Все мерзавцы и дураки одинаково злы и потому легко объединяются. Все порядочные и добрые порядочны по-своему, и потому им объединиться дело почти безнадежное. Это я Толстого перефразирую. Ведь и наша философия никак не отрицает личностного характера совести, наоборот, считает, что, чем выше развитие личности и сознательности, тем большую роль играет в ее жизнедеятельности совесть. Вот если человеку перед всеми геранями России стыдно, что он с тропическим цветком им изменил, то это и есть самобытность совести. Бывает, матерый капитан вдруг раздраженно заявит: «Сегодня в Босфор без лоцмана я не пойду. На пределе видимости маяков ляжем в дрейф до утра. Боюсь чего-то». В таком случае только дурак или суконный чинуша скажет: «А чего вы боитесь? Видимость отличная, ветра нет и — вон — все другие идут себе в Босфор. Почему же вы-то?» Спрячь, голубчик, свое вопросительное любопытство в карман выходного пиджака, повесь этот пиджак на распялку в шкаф, закрой шкаф на ключ и ключ отдай соседу по каюте. И поступи так же, если хороший и смелый матрос вдруг скажет, что боится дыма и не хочет идти на пожар в составе аварийной партии, которую ты подбираешь из добровольцев. Оставь выяснение причин до подходящего момента, если, конечно, есть матросу замена и в добровольцы ты не играешь, а действительно хочешь видеть в партии только добровольцев. И помалкивай о признании матроса, храни его тайну, как свою. И не торопись судить людей, не торопись, друг. Все прояснится потом само собой. Веди себя как любящая женщина с неумелым любовником, у которого что-то не получилось в постели.
— Да вы понимаете, что человека погубили, вы, вы! — заорал я, когда Шалапин пришел прощаться. И получилось это у меня ненатурально-театрально, как орет на сцене сын Кабанихе.
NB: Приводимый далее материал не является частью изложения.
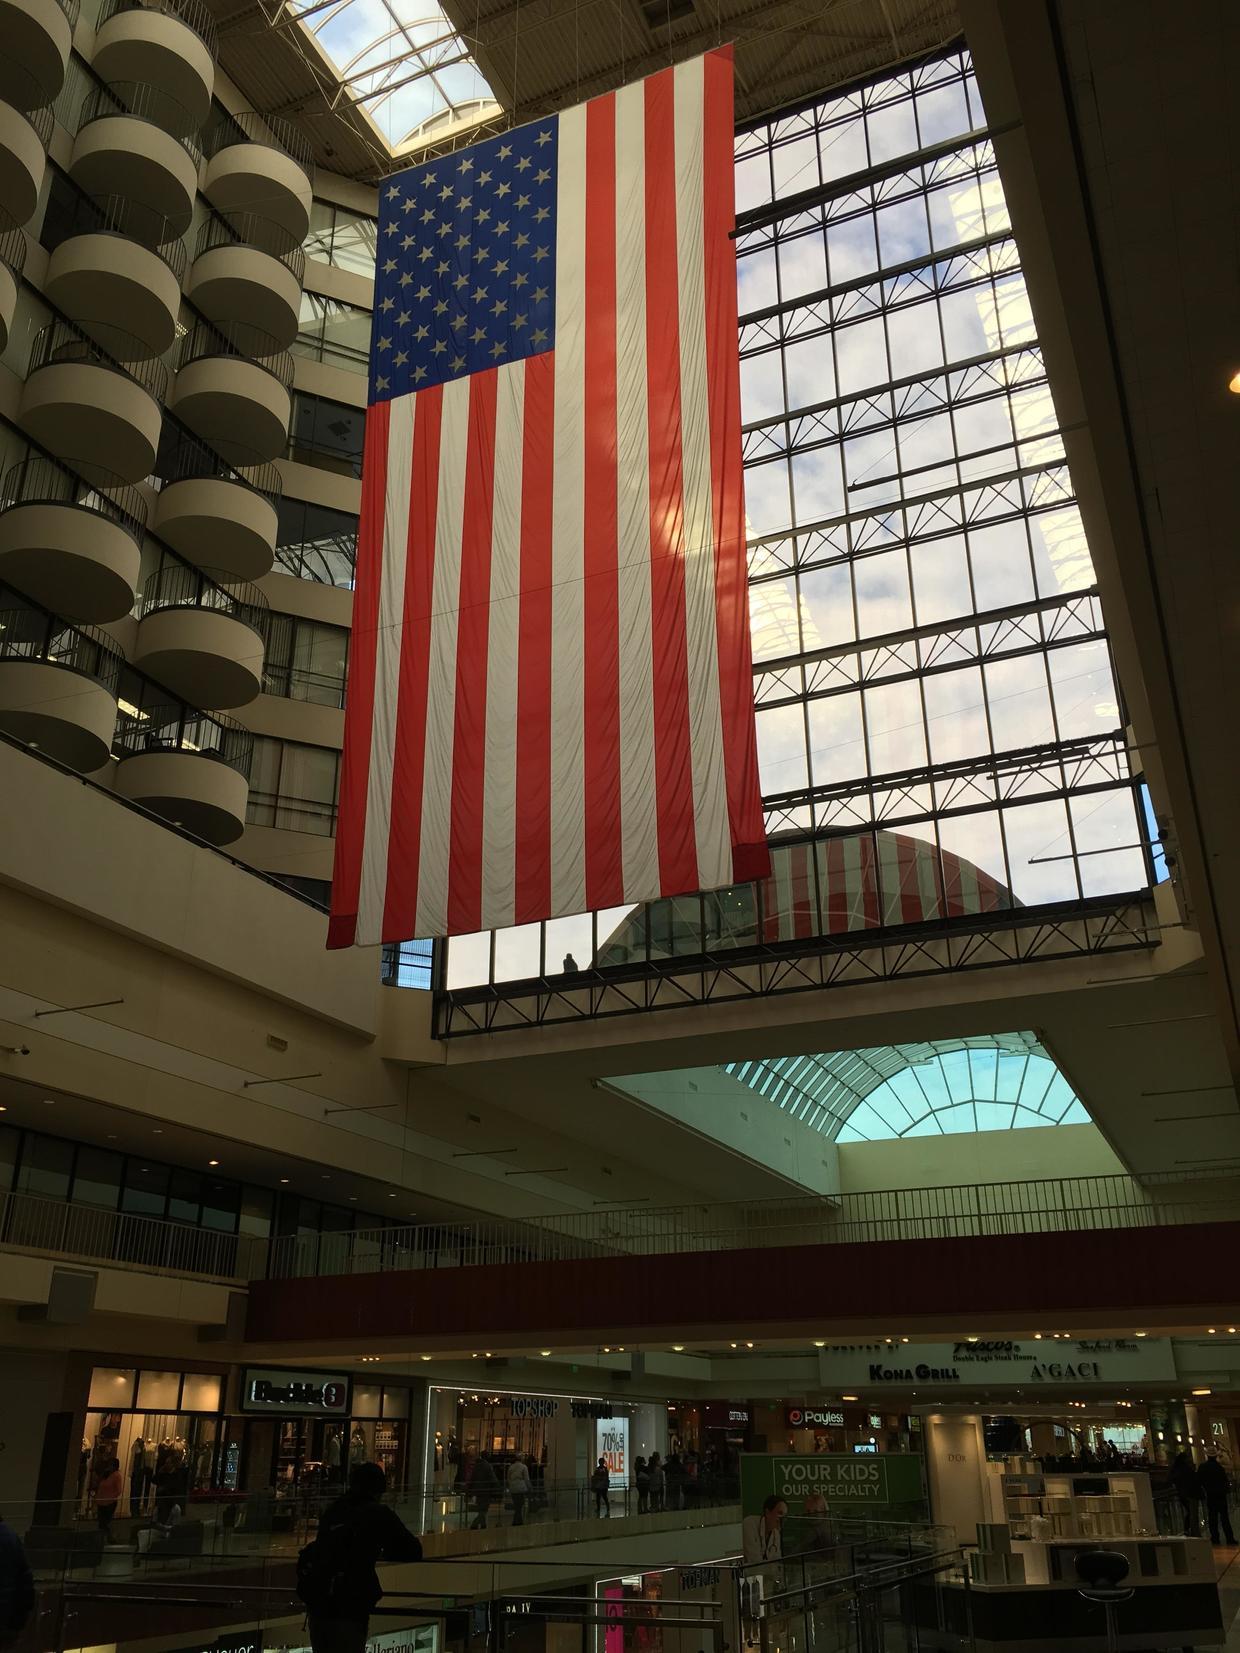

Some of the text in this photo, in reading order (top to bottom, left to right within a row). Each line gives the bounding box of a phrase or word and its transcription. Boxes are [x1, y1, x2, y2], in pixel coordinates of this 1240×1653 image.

Я не имел права на него орать. Я себя винил. Ибо если бы не выгнал Варгина с занятий по КИПам, то Саша не стал стремиться к восстановлению равновесия справедливости, не отказался бы на глазах Шалапина от добровольства в высадочной аварийной партии, не открыл бы для шалапинского удара живот, не полез бы в трюм в обозленном и расстроенном состоянии и т. д. и т. п. И каждый на судне себя винил в той или иной степени, кроме двух человек — боцмана Гри-Гри и Шалапина.